Odebrecht decide fazer delação premiada

    O empresário Marcelo Odebrecht decidiu fazer delação premiada com a Operação Lava-Jato e liberou os executivos das empresas do Grupo Odebrecht a fazerem o mesmo. Marcelo e diversos dirigentes estão presos em Curitiba, em decorrência das investigações que revelaram o escândalo de desvios bilionários em contratos com Petrobras.

    Agora, os investigadores da força-tarefa irão avaliar se aceitam a colaboração. Para se tornar delator, Marcelo terá de confessar crimes ainda não descobertos pela investigação, além de indicar ilícitos e evidências que possam comprová-los.

    Já condenado em primeira instância a 19 anos de prisão por crime de corrupção, a delação de Marcelo terá de ser homologada pelo juiz Sergio Moro, ainda que o empresário delate pessoas com prerrogativa de foro. Nessa hipótese, os depoimentos em delação serão prestados à Procuradoria-Geral da República (PGR).

    “As avaliações e reflexões levadas a efeito por nossos acionistas e executivos levaram a Odebrecht a decidir por uma colaboração definitiva com as investigações da Operação Lava-Jato”, afirma comunicado divulgado pelo grupo, com o título de “Compromisso com o Brasil”.

    A empresa (…) vem mantendo contato com as autoridades com o objetivo de colaborar com as investigações, além da iniciativa de leniência já adotada em dezembro junto à Controladoria Geral da União“, diz o texto divulgado pela Odebrecht, sem assinatura.

    “Esperamos que os esclarecimentos da colaboração contribuam significativamente com a Justiça brasileira e com a construção de um Brasil melhor”. Segundo o comunicado, a empresa “não tem responsabilidade dominante” sobre os fatos apurados na operação, “que revela na verdade a existência de um sistema ilegal e ilegítimo de financiamento do sistema partidário-eleitoral do país”.

    Este trecho da nota é visto como uma sinalização há fatos a revelar sobre a campanha de reeleição de Dilma Rousseff, em 2014, já colocada sob suspeita de receber de recursos ilícitos simulados em doações eleitorais.

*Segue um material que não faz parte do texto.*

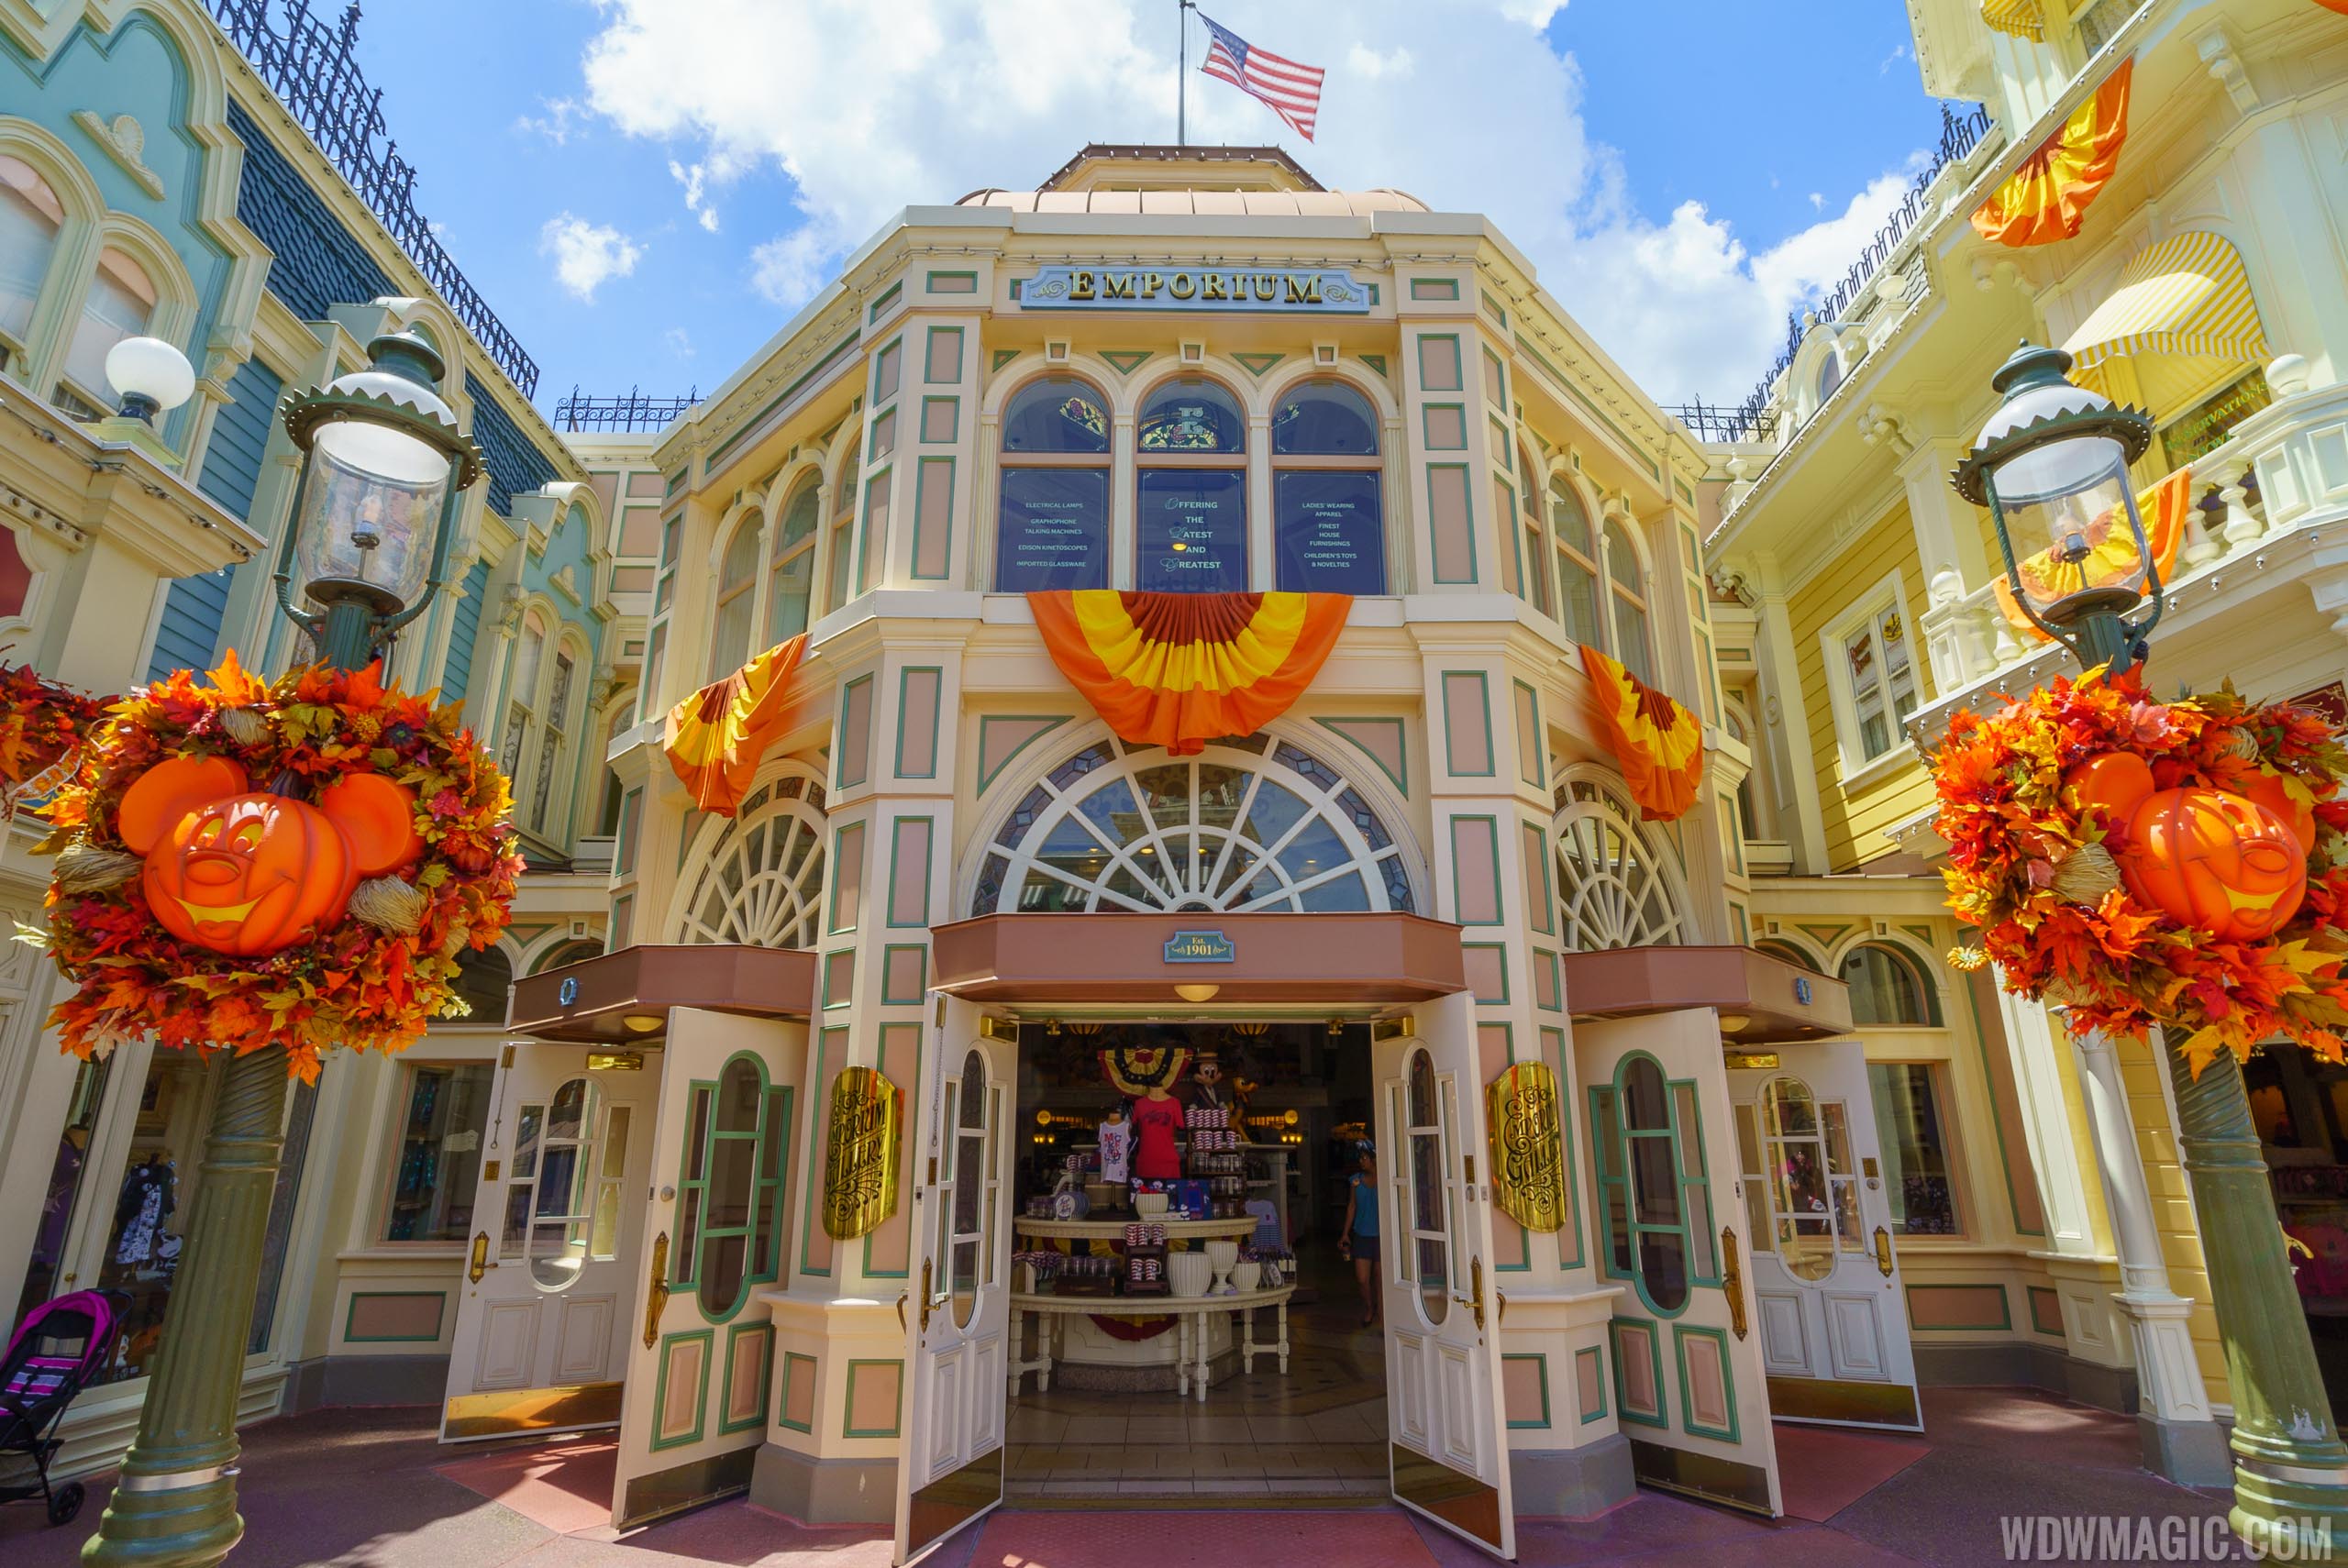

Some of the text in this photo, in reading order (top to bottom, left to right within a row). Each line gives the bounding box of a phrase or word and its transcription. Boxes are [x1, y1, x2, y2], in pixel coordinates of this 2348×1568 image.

[1069, 271, 1323, 303] EMPORIUM
[1165, 497, 1218, 510] OFFERING
[1168, 526, 1213, 540] LATEST
[1159, 558, 1221, 572] GREATEST
[1192, 936, 1205, 944] Est.
[1186, 944, 1212, 955] 1901

    Ontem, a Operação Lava-Jato revelou que descobriu uma estrutura organizada dentro da Odebrecht destinada ao pagamento de propinas a agentes públicos em dinheiro vivo, que movimentou pelo menos R$ 69 milhões até janeiro de 2015, segundo a Polícia Federal (PF) e o Ministério Público Federal (MPF). A estrutura tinha o nome de “setor de operações estruturadas”.

    Foram presos os executivos ligados à Odebrecht Hilberto Mascarenhas Silva Filho, Luiz Eduardo da Rocha Soares, Sergio Luiz Neves, Antonio Pessoa de Souza, Paul Altit, Roberto Prisco Ramos, João Alberto Loureira, Rodrigo Costa Melo e o funcionário Isaias Ubiraci Santos.

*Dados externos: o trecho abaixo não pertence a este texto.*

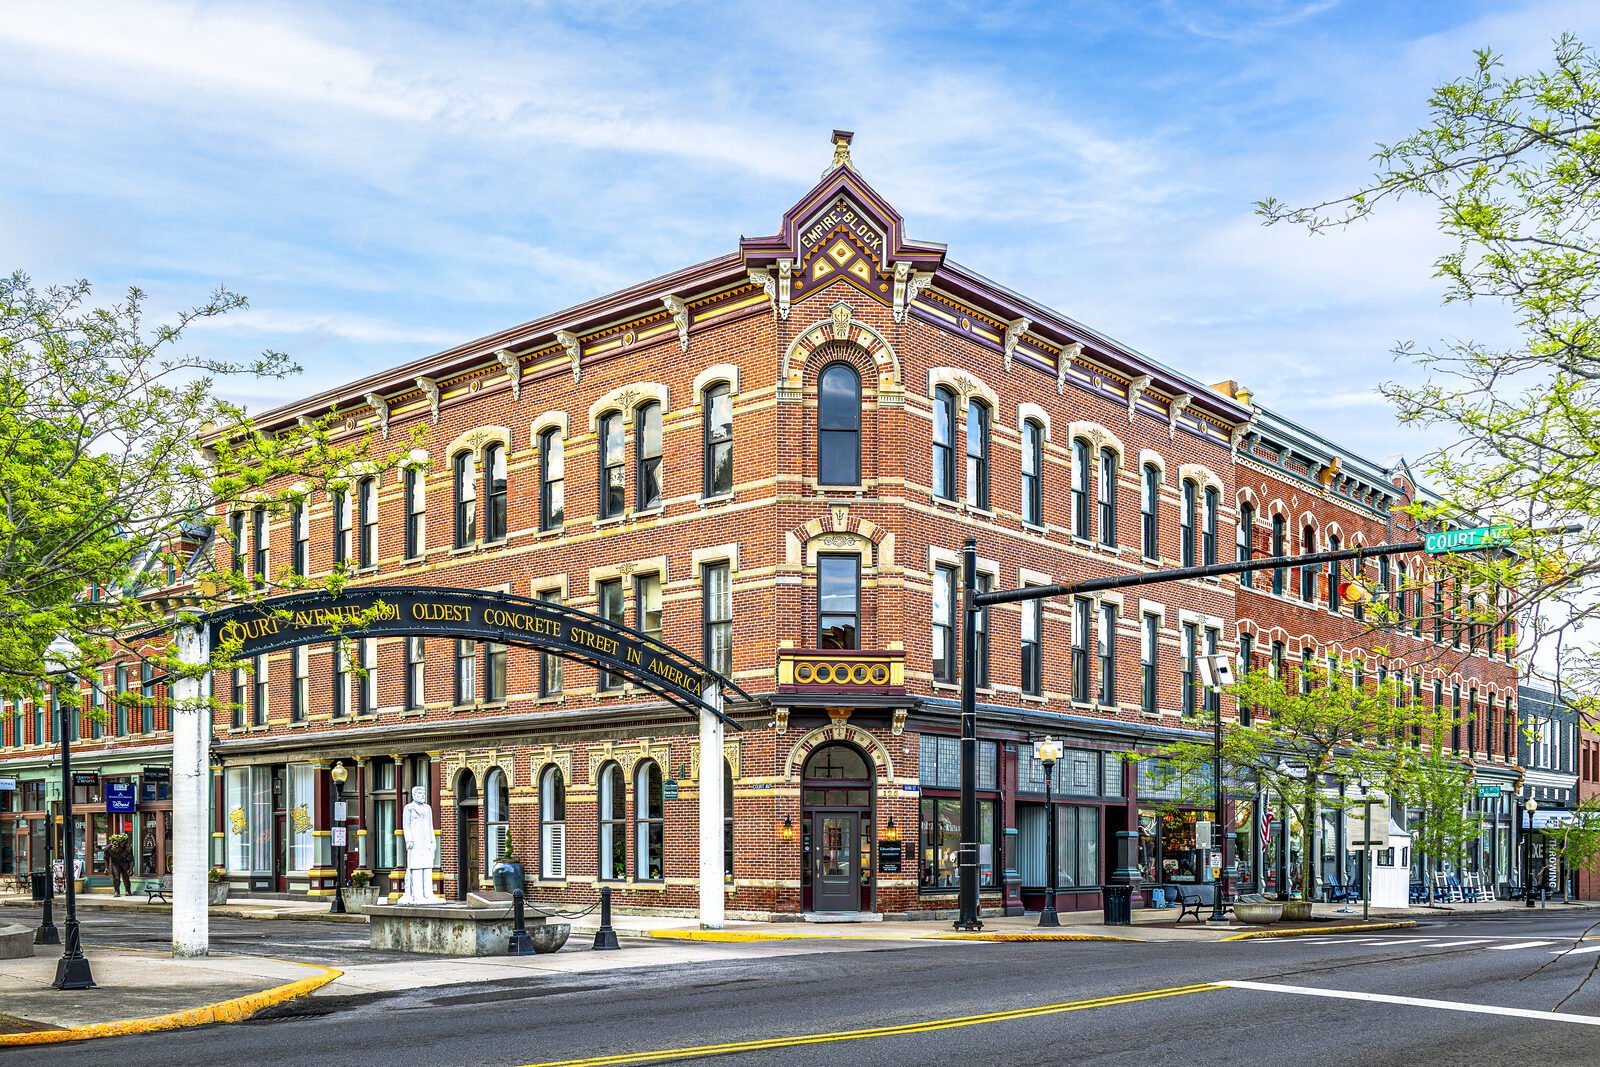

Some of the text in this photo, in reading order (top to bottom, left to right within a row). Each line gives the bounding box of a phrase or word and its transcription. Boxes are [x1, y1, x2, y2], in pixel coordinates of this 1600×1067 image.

[801, 210, 841, 248] EMPIRE
[1427, 531, 1476, 551] COURT
[219, 617, 279, 645] COURT
[295, 605, 361, 629] AVENUE
[412, 603, 472, 622] OLDEST
[483, 608, 561, 637] CONCRETE
[570, 627, 619, 655] STREET
[627, 647, 642, 665] IN
[648, 658, 701, 697] AMERICA
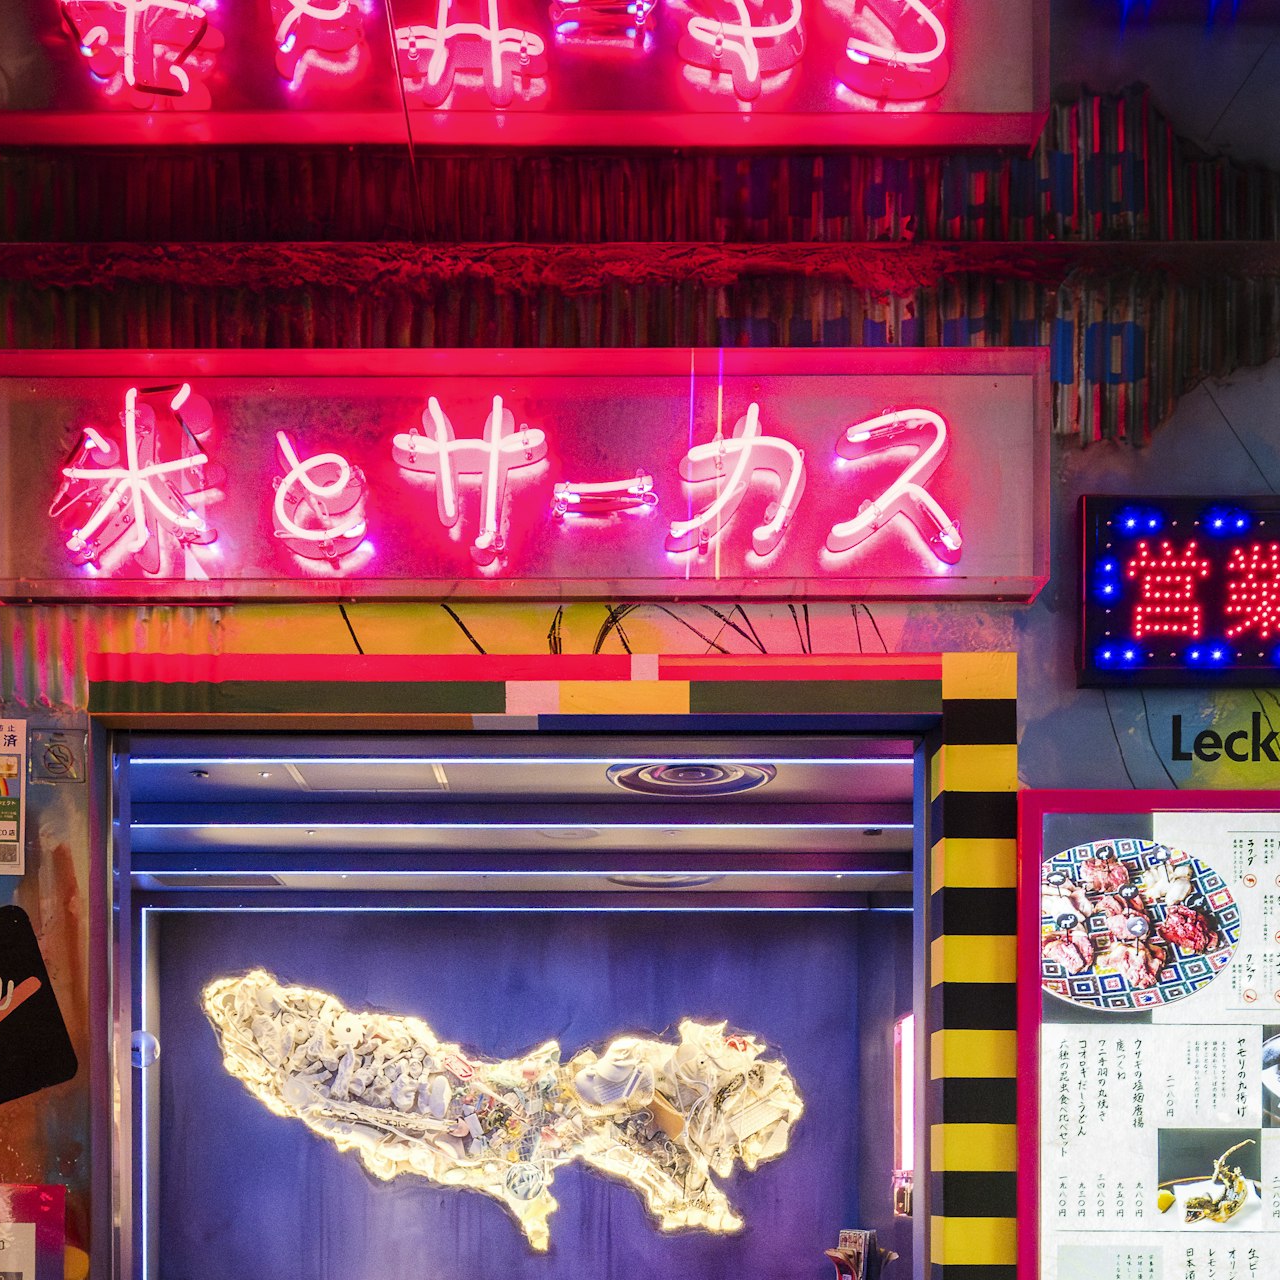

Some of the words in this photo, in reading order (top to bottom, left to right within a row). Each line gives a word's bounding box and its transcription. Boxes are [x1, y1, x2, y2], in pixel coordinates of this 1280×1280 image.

    Segundo os investigadores, dois operadores atuavam no esquema, a partir do chamado “dólar cabo” – troca de posições financeiras sem o uso de conta corrente. São os irmãos Marcelo Rodrigues e Olívio Rodrigues Júnior.

    O relatório da Polícia Federal que embasou as buscas mostrou que o operador Fernando Soares, o Baiano, pode ter recebido repasses da Odebrecht enquanto estava preso em Curitiba negociando seu acordo de delação premiada. Um documento da empreiteira apreendido pela PF aponta pagamento de R$ 550 mil em de junho de 2015 em um endereço no centro do Rio de Janeiro ligado à Hawk Eyes Administradora de Bens Ltda, empresa de Baiano que também foi alvo da Lava-Jato.

    Segundo os investigadores, foi encontrado nas buscas à Odebrecht um registro de um possível pagamento para um destinatário chamado Gustavo, que seria o irmão de Baiano, diz a PF.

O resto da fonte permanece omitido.